Carlos Peña


 "¿Qué hay detrás de ese extraño rito colectivo consistente en ocupar una y otra vez la Plaza Italia, pintarrajear sus monumentos, intentar derribarlos, hacer, en suma, de ese lugar un espacio desolado? ¿Por qué esa plaza?


 Uno de los aspectos más significativos de los acontecimientos de octubre acontecimientos que, como se sabe, no han terminado en octubre lo constituye la ocupación recurrente de la Plaza Baquedano.

¿A qué se debe, cabría preguntarse, la obsesión con ese sitio, el anhelo por pintarrajear la estatua de Baquedano, de ocupar una y otra vez ese espacio, de cambiar su significado, de llenarlo de otras figuras, algunas totémicas, incluso al riesgo terrible de, como acaba de ocurrir a un estudiante, padecer un daño injustificado? ¿Por qué precisamente ese sitio y no otro?

Responder esa pregunta puede ayudar a identificar algunos rasgos culturales del presente.

Desde luego, la Plaza Baquedano, bajo el nombre de Plaza Italia, tiene un contenido simbólico mudo, pero elocuente: en el imaginario social, en esas concepciones colectivas que inspiran prácticas sociales, en ese puñado de prejuicios y de imágenes que circulan en la cultura, ella cumplió tradicionalmente el papel de una frontera social.
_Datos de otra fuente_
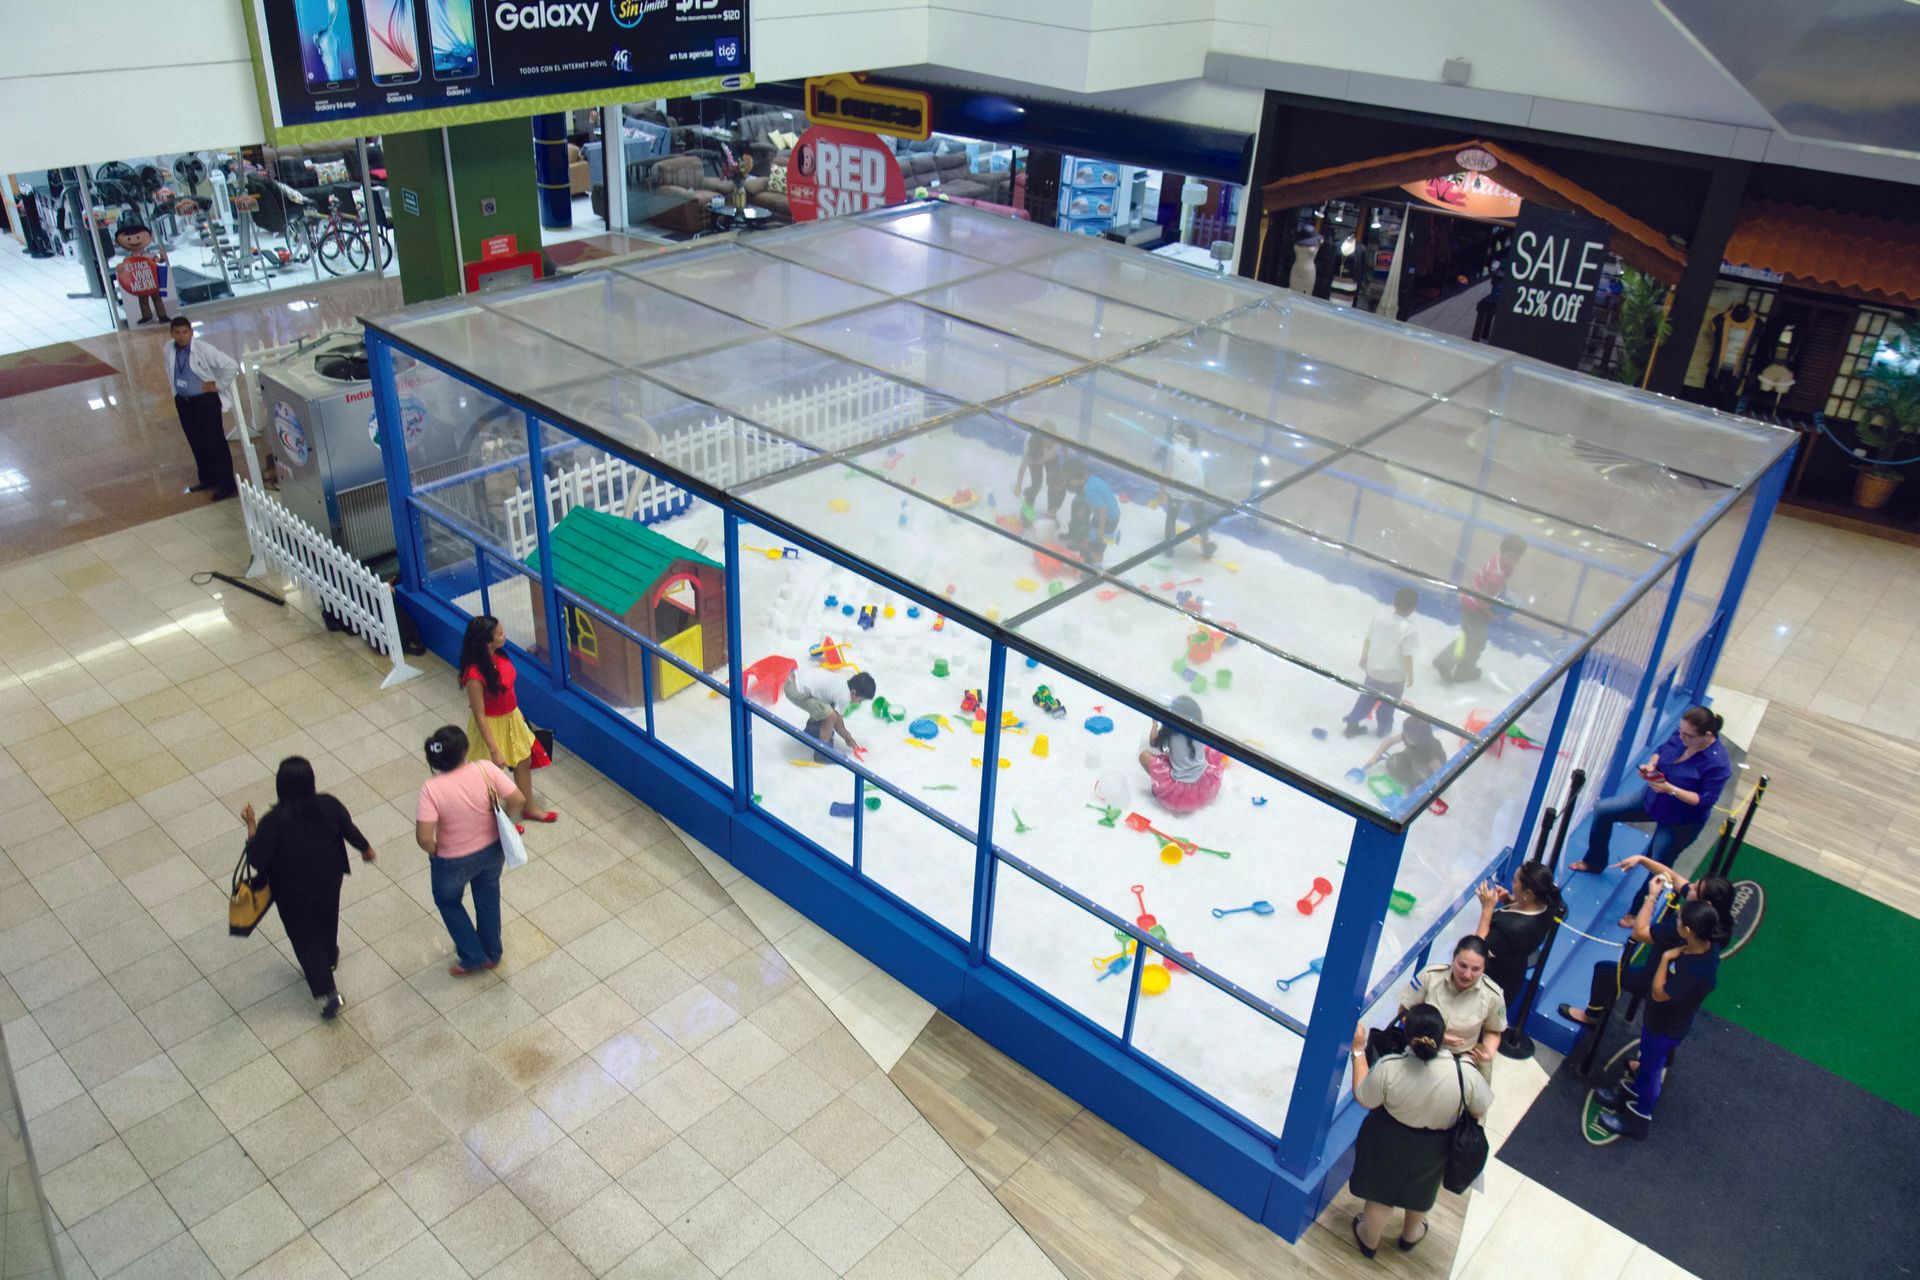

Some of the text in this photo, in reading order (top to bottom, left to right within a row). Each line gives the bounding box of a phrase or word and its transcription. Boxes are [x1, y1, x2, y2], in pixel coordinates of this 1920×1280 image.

De “Plaza Italia para arriba y de Plaza Italia para abajo”, ha sido tradicionalmente la forma en que se ha descrito a una ciudad geográficamente estratificada, donde las clases sociales se saben, y la trayectoria vital se adivina, por el mero hecho del domicilio. Ocupar ese espacio tiene, pues, tanto el sentido de derribar esa frontera como la constatación de que ella sigue allí, incólume (aunque ahora se ha trasladado más arriba). Por supuesto, es probable que muchos de los miles de personas que suelen reunirse en la Plaza Italia desconozcan ese significado, y sería excesivo atribuirles ese propósito consciente; pero quizá ahí radique la explicación para la extraña pasividad y a veces simpatía con que la mayoría más vieja mira ese fenómeno: sin darse cuenta, reconocen inconscientemente en él un acontecimiento significativo, les hace sentido y no aparece como un mero acto de vandalismo recurrente.

Se suma a lo anterior un fenómeno de otra índole, pero que se unifica en esta extraña obsesión con la plaza.

Se trata de la desvalorización del pasado.

Los sitios conmemorativos, es decir, los sitios que intentan materializar la memoria, como un monumento, son de alguna forma un reconocimiento de las sociedades al valor del pasado, a la tradición. Como se sabe, la palabra tradición significa originalmente traspaso, entrega de algo de uno a otro. El valor de la tradición no deriva, sin embargo, del hecho del traspaso, sino de aquello que cada generación entrega a otra. Es aquello de lo que se hace entrega -y no la entrega misma- la fuente del valor. Cuando se dice entonces que hay que respetar las tradiciones, se dice que en lo que cada generación se esmera por entregar a otra hay algo valioso que, porque se juzga como valioso, es digno de ser preservado. Los monumentos -figuras militares, civiles, intelectuales- intentan representar figurativamente ese valor. Todas las culturas lo hacen en el esfuerzo de ganarle la partida al tiempo para que aquello que alguna vez estimaron valioso no se pierda en la arena de los años.

A la luz de lo anterior, no es muy difícil encontrar una explicación adicional para ese recurrente desafío a los monumentos de la Plaza Baquedano.

Lo que ocurre es que, como consecuencia de la modernización rápida (lo rápido indica la sorprendente propensión hacia delante que la anima), se produce una devaluación del pasado. Hoy el pasado es lo que queda definitivamente atrás, y solo se vuelve a él brevemente bajo la forma de la moda vintage, o como nostalgia; pero ya no como una fuente de valor, no como algo que transmite un valor digno de preservar.

No es, pues, que quienes se reúnen en Plaza Baquedano desprecien al general de ese nombre; solo desvalorizan simplemente el pasado como tal. Es su vivencia del tiempo, como un eterno presente anhelante, la que explica este fenómeno de monumentos caídos y de plazas al que, de nuevo, las mayorías más viejas asisten sin gran indignación, como espectadores apenas sorprendidos. El problema es que -como saben los psicoanalistas- quienes individual o colectivamente desvalorizan el pasado, y carecen de recuerdos entrañables o valiosos, se desproveen de recursos para los malos días y tarde o temprano experimentan una angustiosa desorientación.

Y es que incluso las sociedades lanzadas al mañana, como las que se modernizan, incluso las sociedades que quieren sacudir de sí lo que aparece como injusticia, requieren del pasado para comprender la realidad que hoy rechazan, hundir los talones en él y tomar impulso.